** Dataset content follows **
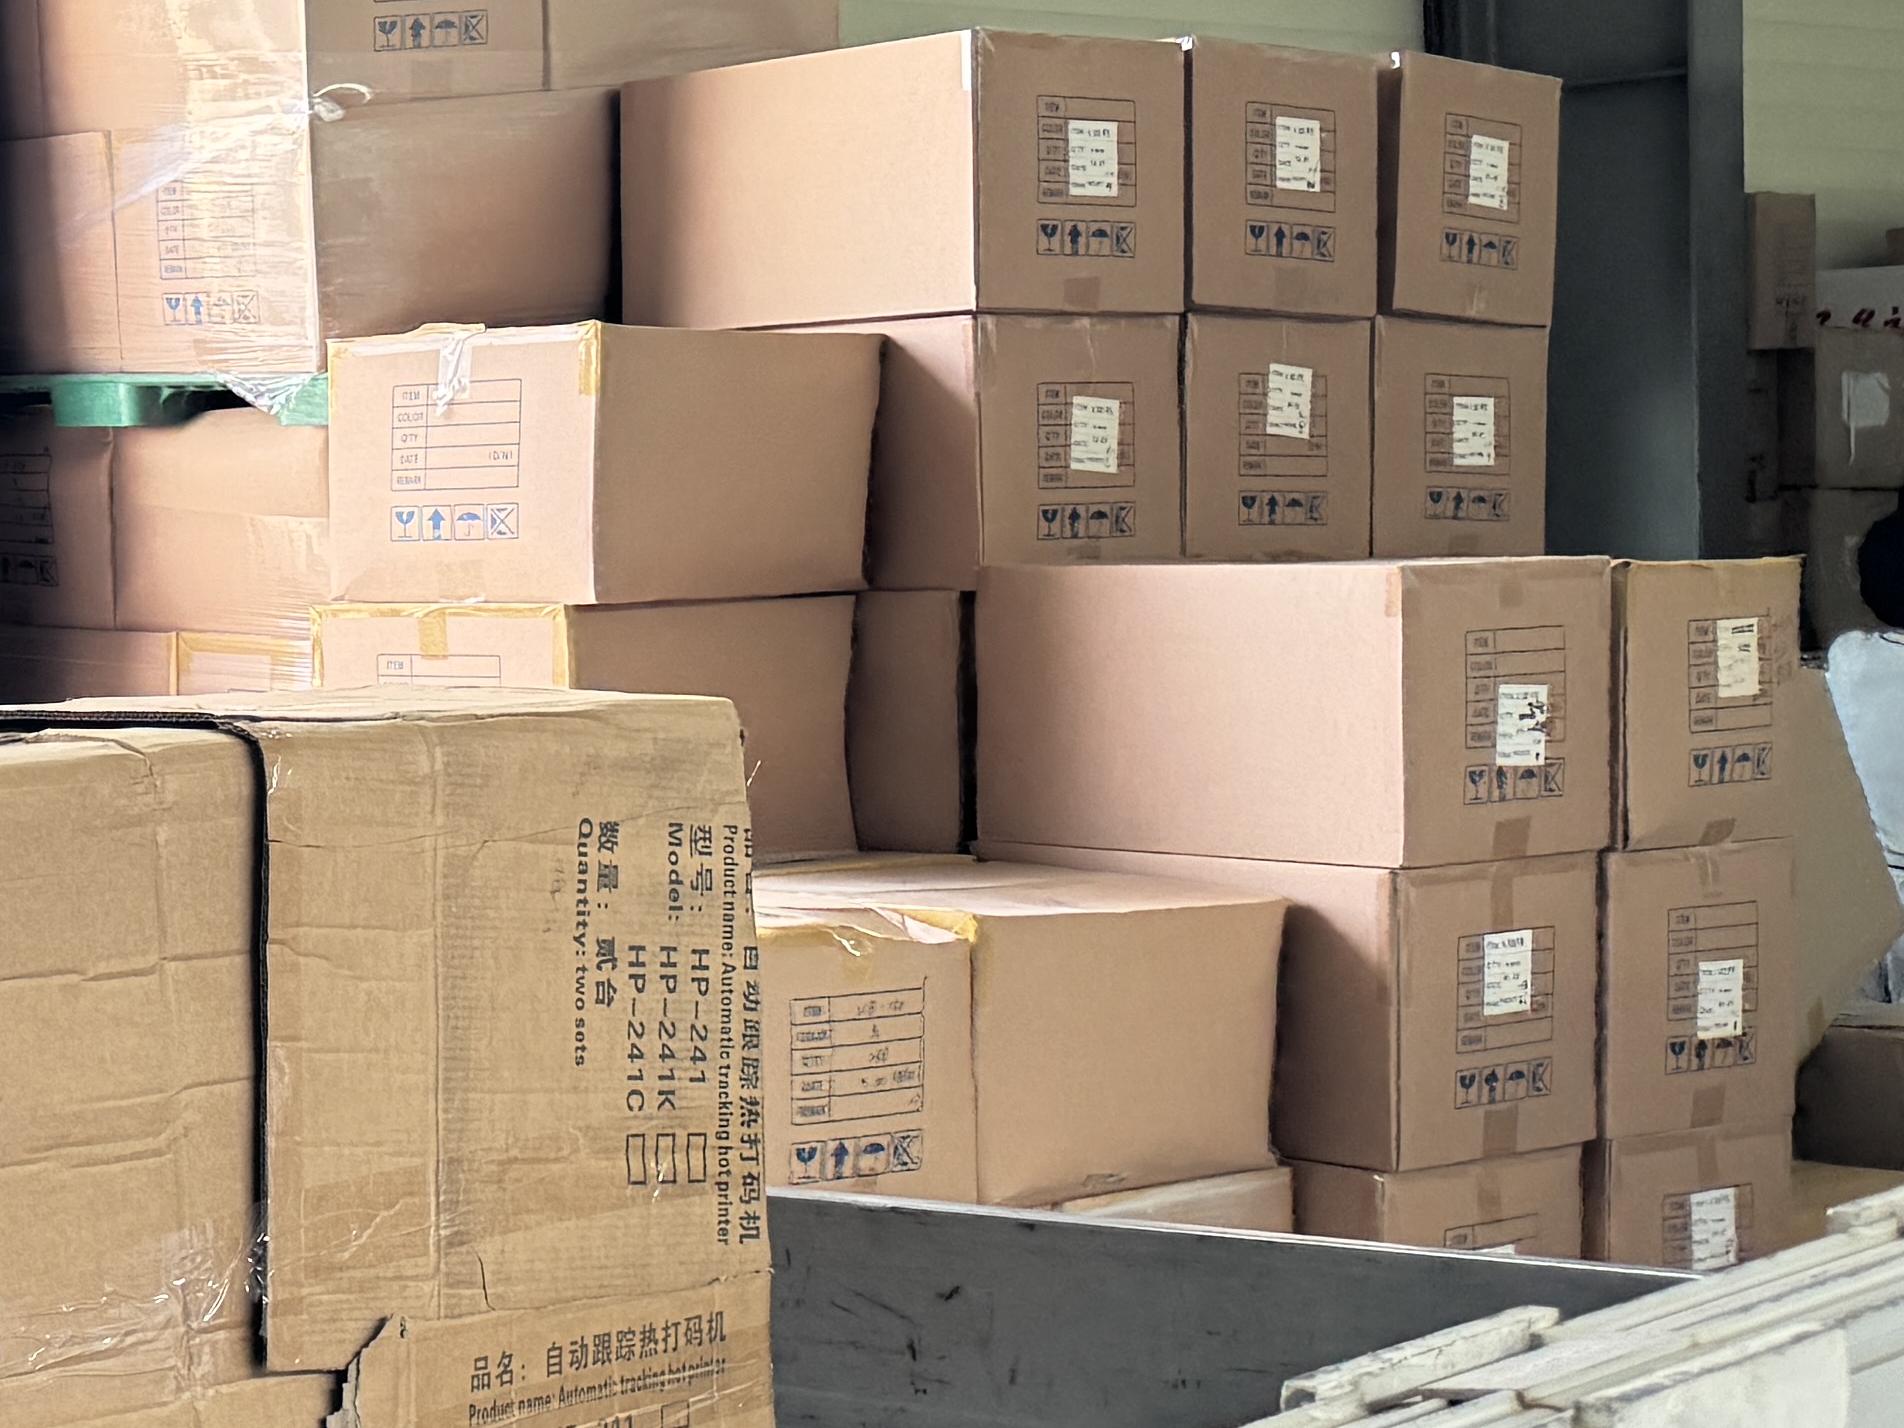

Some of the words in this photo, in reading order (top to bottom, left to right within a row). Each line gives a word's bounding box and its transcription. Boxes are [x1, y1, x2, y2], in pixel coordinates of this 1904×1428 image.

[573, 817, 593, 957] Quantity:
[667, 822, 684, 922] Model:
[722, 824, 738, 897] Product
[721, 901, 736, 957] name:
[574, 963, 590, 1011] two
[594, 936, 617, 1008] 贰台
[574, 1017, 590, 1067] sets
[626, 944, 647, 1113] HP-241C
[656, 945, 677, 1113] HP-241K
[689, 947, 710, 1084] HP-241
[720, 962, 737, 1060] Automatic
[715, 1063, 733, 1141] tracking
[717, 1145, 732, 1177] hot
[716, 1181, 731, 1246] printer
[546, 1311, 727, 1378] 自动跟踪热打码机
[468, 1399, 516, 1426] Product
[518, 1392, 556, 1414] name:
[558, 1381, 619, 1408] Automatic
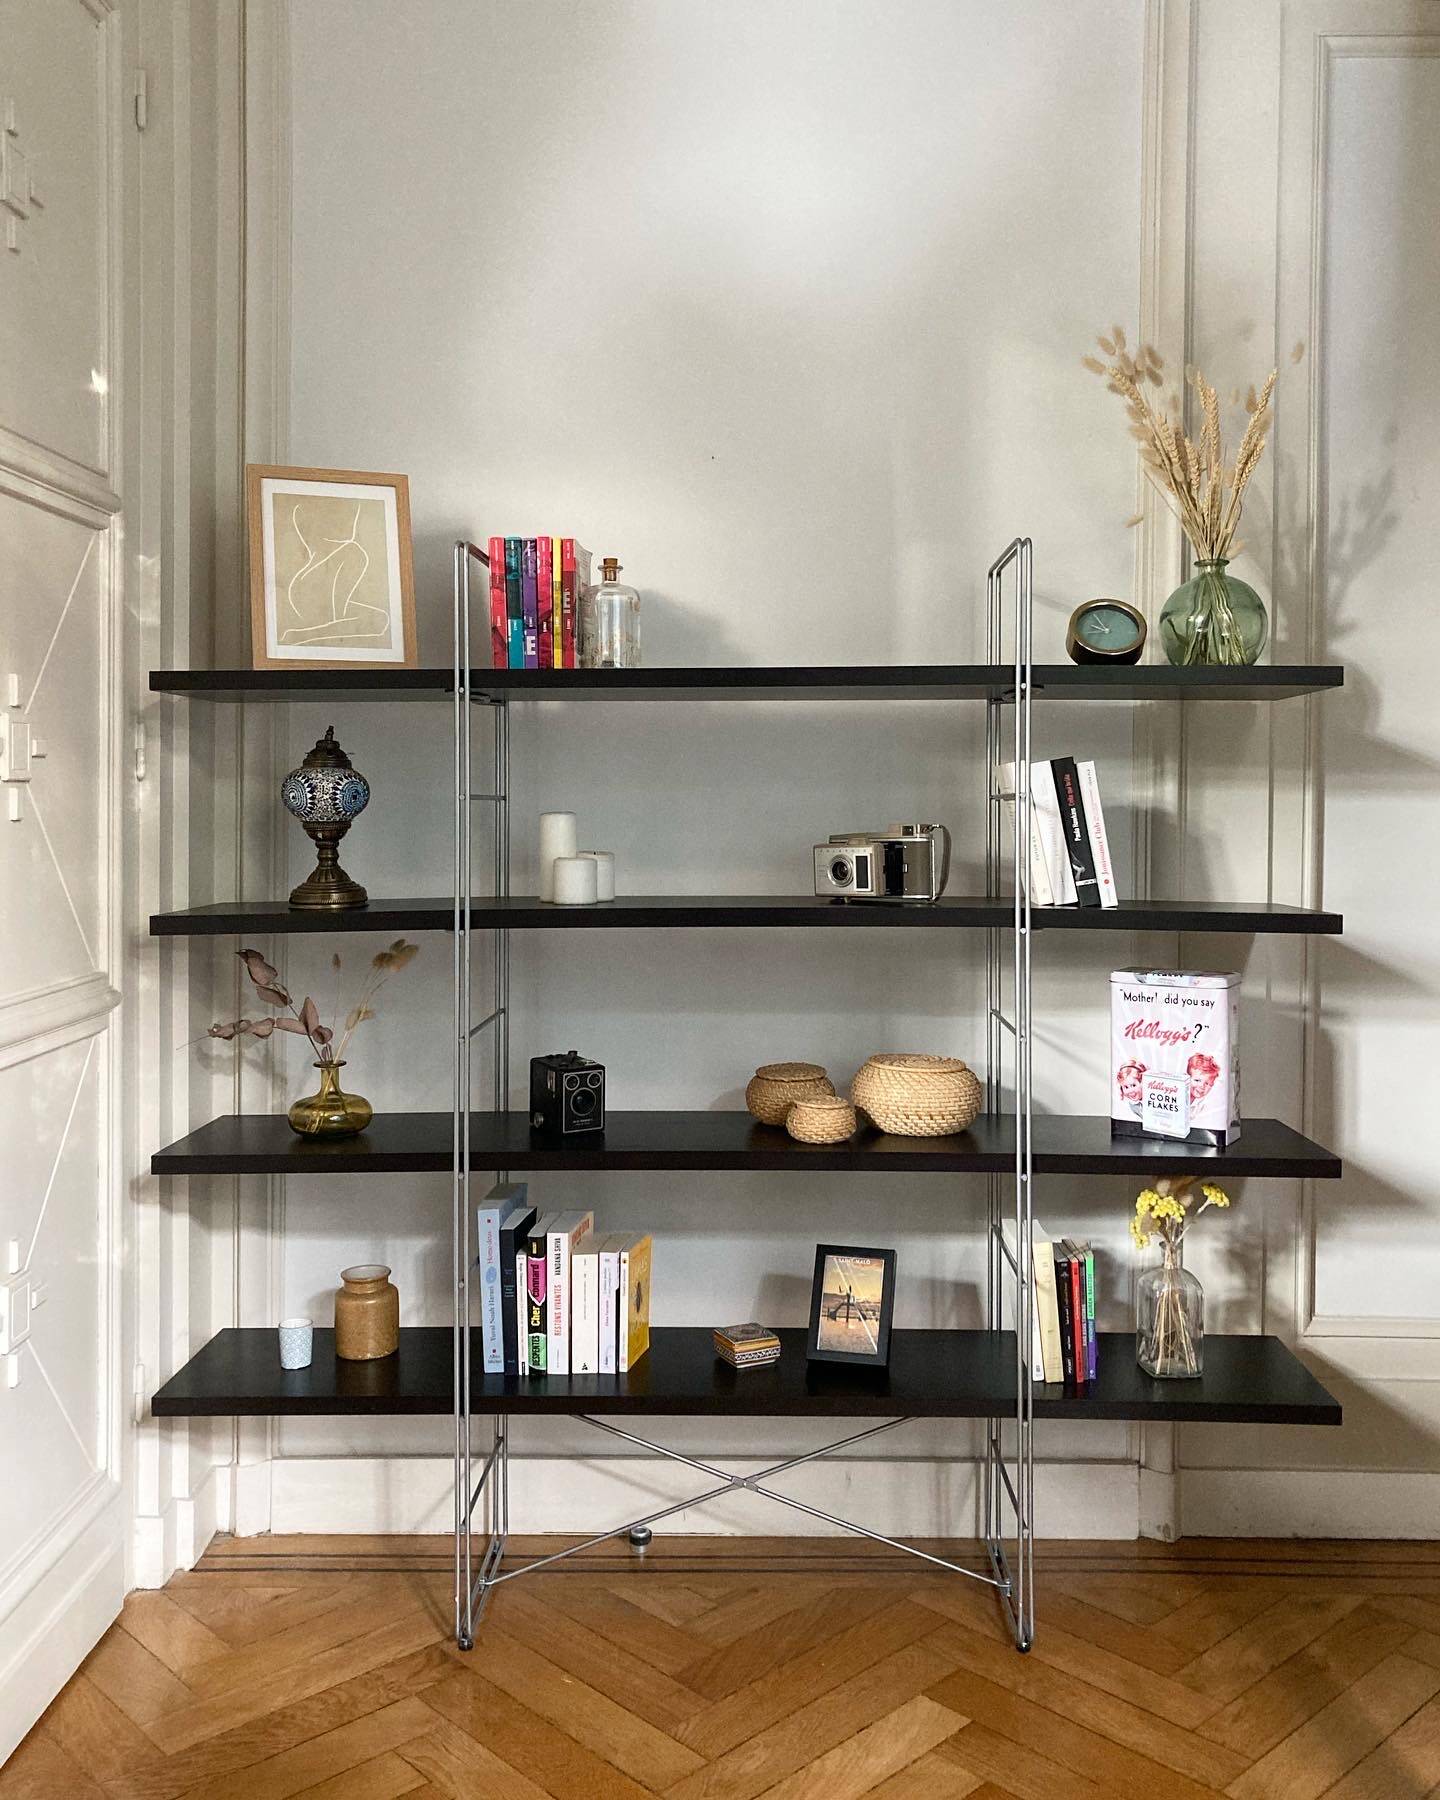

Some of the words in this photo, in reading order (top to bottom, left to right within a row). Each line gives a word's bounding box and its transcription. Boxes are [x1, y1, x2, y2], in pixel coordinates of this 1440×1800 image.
** End of Dataset content **
= About this task =
Once the pictures are removed, return the entries exactly as they stand.

= Exercise output =
Some of the words in this photo, in reading order (top to bottom, left to right within a row). Each line gives a word's bounding box and its transcription. Boxes are [x1, y1, x2, y2], in pixel coordinates of this 1904×1428 image.

[573, 817, 593, 957] Quantity:
[667, 822, 684, 922] Model:
[722, 824, 738, 897] Product
[721, 901, 736, 957] name:
[574, 963, 590, 1011] two
[594, 936, 617, 1008] 贰台
[574, 1017, 590, 1067] sets
[626, 944, 647, 1113] HP-241C
[656, 945, 677, 1113] HP-241K
[689, 947, 710, 1084] HP-241
[720, 962, 737, 1060] Automatic
[715, 1063, 733, 1141] tracking
[717, 1145, 732, 1177] hot
[716, 1181, 731, 1246] printer
[546, 1311, 727, 1378] 自动跟踪热打码机
[468, 1399, 516, 1426] Product
[518, 1392, 556, 1414] name:
[558, 1381, 619, 1408] Automatic

Some of the words in this photo, in reading order (top to bottom, left to right within a row). Each line gives a word's bounding box and its transcription. Boxes are [x1, y1, x2, y2], in pixel coordinates of this 1440×1800 image.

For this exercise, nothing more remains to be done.